MATERIAL PROVIDED Start Marker
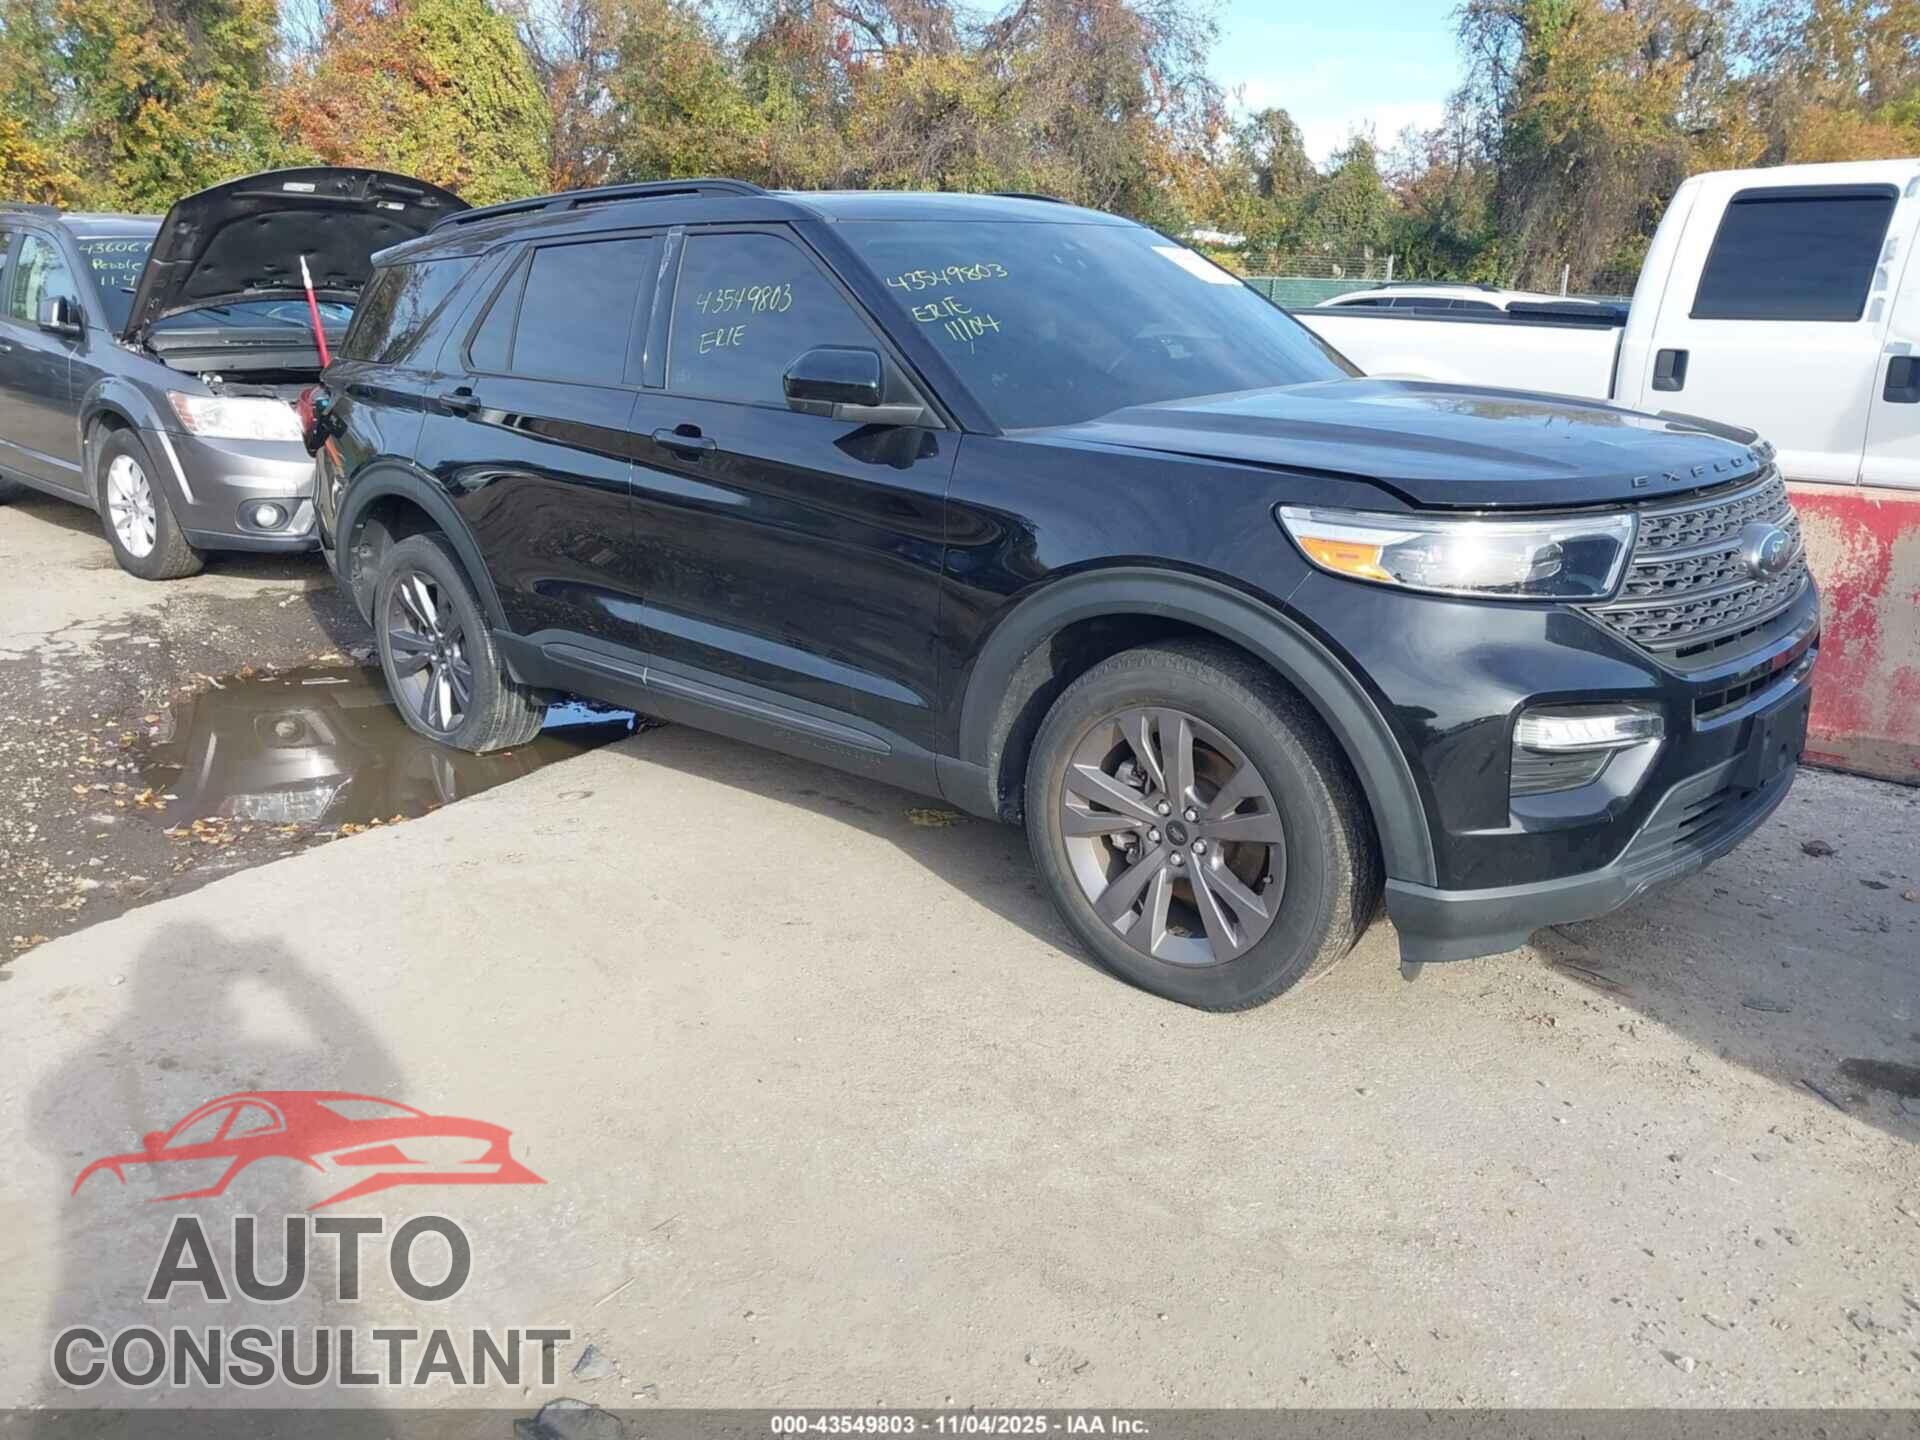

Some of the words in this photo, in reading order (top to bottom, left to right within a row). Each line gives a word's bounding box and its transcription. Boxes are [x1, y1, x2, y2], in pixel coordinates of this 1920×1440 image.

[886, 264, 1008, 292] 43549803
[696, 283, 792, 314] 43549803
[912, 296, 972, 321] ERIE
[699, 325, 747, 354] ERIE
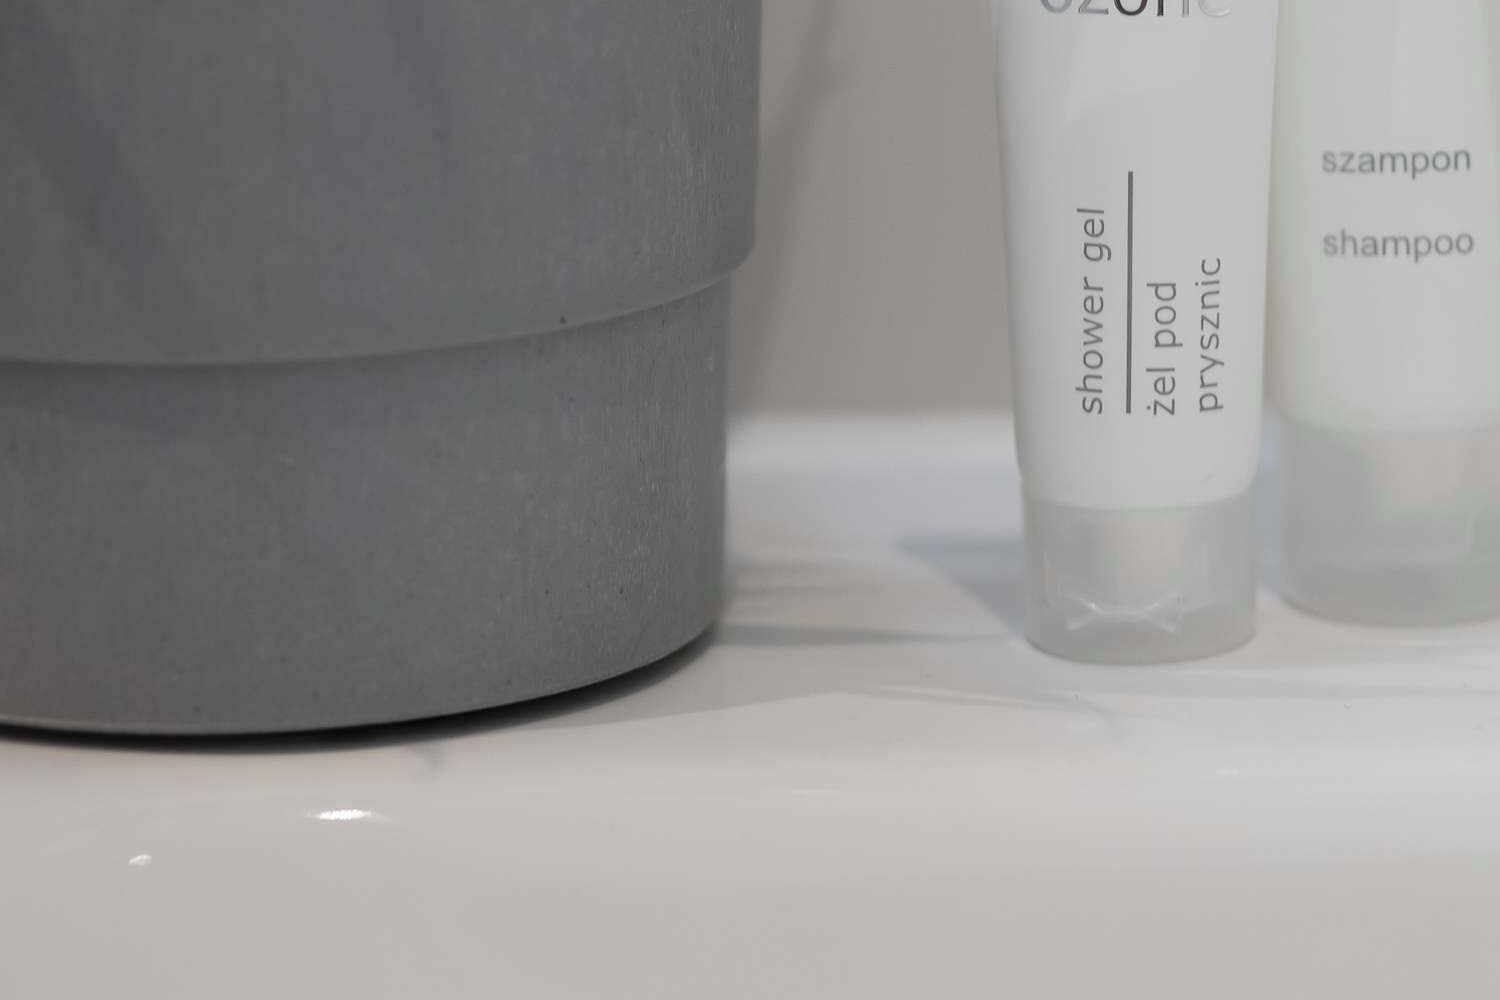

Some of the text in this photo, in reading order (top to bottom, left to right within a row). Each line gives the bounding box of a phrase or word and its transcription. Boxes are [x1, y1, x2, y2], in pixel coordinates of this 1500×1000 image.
MATERIAL PROVIDED End Marker
→ AIM OF THE EXERCISE
Every word of the data should be reproduced exactly; please omit any pictures.

→ ANSWER BOX
Some of the words in this photo, in reading order (top to bottom, left to right within a row). Each line gives a word's bounding box and its transcription. Boxes are [x1, y1, x2, y2], in pixel coordinates of this 1920×1440 image.

[886, 264, 1008, 292] 43549803
[696, 283, 792, 314] 43549803
[912, 296, 972, 321] ERIE
[699, 325, 747, 354] ERIE

Some of the text in this photo, in reading order (top to bottom, left to right within a row). Each line gives the bounding box of a phrase or word and its transcription. Boxes are [x1, y1, x2, y2], in pixel coordinates of this 1500×1000 image.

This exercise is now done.